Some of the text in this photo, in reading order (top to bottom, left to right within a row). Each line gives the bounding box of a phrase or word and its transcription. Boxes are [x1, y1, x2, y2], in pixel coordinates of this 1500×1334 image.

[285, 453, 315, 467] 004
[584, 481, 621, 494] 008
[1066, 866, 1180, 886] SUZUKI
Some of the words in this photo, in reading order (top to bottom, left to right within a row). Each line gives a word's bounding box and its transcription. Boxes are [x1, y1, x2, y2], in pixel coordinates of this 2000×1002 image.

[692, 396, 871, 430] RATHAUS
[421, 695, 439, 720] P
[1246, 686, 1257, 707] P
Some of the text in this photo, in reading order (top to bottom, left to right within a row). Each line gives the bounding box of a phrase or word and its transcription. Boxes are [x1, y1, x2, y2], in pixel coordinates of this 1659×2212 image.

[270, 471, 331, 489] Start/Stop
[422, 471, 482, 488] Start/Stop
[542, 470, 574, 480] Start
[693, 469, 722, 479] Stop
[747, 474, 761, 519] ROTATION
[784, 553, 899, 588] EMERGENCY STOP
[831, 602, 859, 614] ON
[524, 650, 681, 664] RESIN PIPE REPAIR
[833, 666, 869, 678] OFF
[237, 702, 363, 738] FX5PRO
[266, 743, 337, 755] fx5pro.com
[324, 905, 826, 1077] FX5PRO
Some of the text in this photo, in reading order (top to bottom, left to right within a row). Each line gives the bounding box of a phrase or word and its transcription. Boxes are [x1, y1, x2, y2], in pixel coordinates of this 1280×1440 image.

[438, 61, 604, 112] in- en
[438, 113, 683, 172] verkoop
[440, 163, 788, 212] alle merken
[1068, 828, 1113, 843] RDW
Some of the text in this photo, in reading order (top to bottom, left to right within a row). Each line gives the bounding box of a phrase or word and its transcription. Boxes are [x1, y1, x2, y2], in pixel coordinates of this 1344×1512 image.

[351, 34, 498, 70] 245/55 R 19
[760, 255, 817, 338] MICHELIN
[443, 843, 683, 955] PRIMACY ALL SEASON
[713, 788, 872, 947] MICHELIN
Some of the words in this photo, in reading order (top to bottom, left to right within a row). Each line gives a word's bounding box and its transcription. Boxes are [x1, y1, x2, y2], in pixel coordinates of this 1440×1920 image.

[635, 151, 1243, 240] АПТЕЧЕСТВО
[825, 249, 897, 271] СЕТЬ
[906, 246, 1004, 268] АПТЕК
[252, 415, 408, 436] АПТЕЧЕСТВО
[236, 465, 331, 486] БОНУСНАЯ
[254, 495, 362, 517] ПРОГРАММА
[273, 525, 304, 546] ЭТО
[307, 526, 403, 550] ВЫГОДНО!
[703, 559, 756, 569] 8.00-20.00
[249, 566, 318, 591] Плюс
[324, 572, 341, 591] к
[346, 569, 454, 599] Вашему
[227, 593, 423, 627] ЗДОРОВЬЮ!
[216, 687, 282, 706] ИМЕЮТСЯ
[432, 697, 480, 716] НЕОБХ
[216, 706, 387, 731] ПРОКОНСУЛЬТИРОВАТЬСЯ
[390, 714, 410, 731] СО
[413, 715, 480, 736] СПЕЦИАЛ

▬▬▬▬▬▬▬▬▬▬

▶ _PROBLEM TO SOLVE_: Output all the lines above. Keep each one exact.

▶ _ANSWER AREA_:
Some of the text in this photo, in reading order (top to bottom, left to right within a row). Each line gives the bounding box of a phrase or word and its transcription. Boxes are [x1, y1, x2, y2], in pixel coordinates of this 1500×1334 image.

[285, 453, 315, 467] 004
[584, 481, 621, 494] 008
[1066, 866, 1180, 886] SUZUKI
Some of the words in this photo, in reading order (top to bottom, left to right within a row). Each line gives a word's bounding box and its transcription. Boxes are [x1, y1, x2, y2], in pixel coordinates of this 2000×1002 image.

[692, 396, 871, 430] RATHAUS
[421, 695, 439, 720] P
[1246, 686, 1257, 707] P
Some of the text in this photo, in reading order (top to bottom, left to right within a row). Each line gives the bounding box of a phrase or word and its transcription. Boxes are [x1, y1, x2, y2], in pixel coordinates of this 1659×2212 image.

[270, 471, 331, 489] Start/Stop
[422, 471, 482, 488] Start/Stop
[542, 470, 574, 480] Start
[693, 469, 722, 479] Stop
[747, 474, 761, 519] ROTATION
[784, 553, 899, 588] EMERGENCY STOP
[831, 602, 859, 614] ON
[524, 650, 681, 664] RESIN PIPE REPAIR
[833, 666, 869, 678] OFF
[237, 702, 363, 738] FX5PRO
[266, 743, 337, 755] fx5pro.com
[324, 905, 826, 1077] FX5PRO
Some of the text in this photo, in reading order (top to bottom, left to right within a row). Each line gives the bounding box of a phrase or word and its transcription. Boxes are [x1, y1, x2, y2], in pixel coordinates of this 1280×1440 image.

[438, 61, 604, 112] in- en
[438, 113, 683, 172] verkoop
[440, 163, 788, 212] alle merken
[1068, 828, 1113, 843] RDW
Some of the text in this photo, in reading order (top to bottom, left to right within a row). Each line gives the bounding box of a phrase or word and its transcription. Boxes are [x1, y1, x2, y2], in pixel coordinates of this 1344×1512 image.

[351, 34, 498, 70] 245/55 R 19
[760, 255, 817, 338] MICHELIN
[443, 843, 683, 955] PRIMACY ALL SEASON
[713, 788, 872, 947] MICHELIN
Some of the words in this photo, in reading order (top to bottom, left to right within a row). Each line gives a word's bounding box and its transcription. Boxes are [x1, y1, x2, y2], in pixel coordinates of this 1440×1920 image.

[635, 151, 1243, 240] АПТЕЧЕСТВО
[825, 249, 897, 271] СЕТЬ
[906, 246, 1004, 268] АПТЕК
[252, 415, 408, 436] АПТЕЧЕСТВО
[236, 465, 331, 486] БОНУСНАЯ
[254, 495, 362, 517] ПРОГРАММА
[273, 525, 304, 546] ЭТО
[307, 526, 403, 550] ВЫГОДНО!
[703, 559, 756, 569] 8.00-20.00
[249, 566, 318, 591] Плюс
[324, 572, 341, 591] к
[346, 569, 454, 599] Вашему
[227, 593, 423, 627] ЗДОРОВЬЮ!
[216, 687, 282, 706] ИМЕЮТСЯ
[432, 697, 480, 716] НЕОБХ
[216, 706, 387, 731] ПРОКОНСУЛЬТИРОВАТЬСЯ
[390, 714, 410, 731] СО
[413, 715, 480, 736] СПЕЦИАЛ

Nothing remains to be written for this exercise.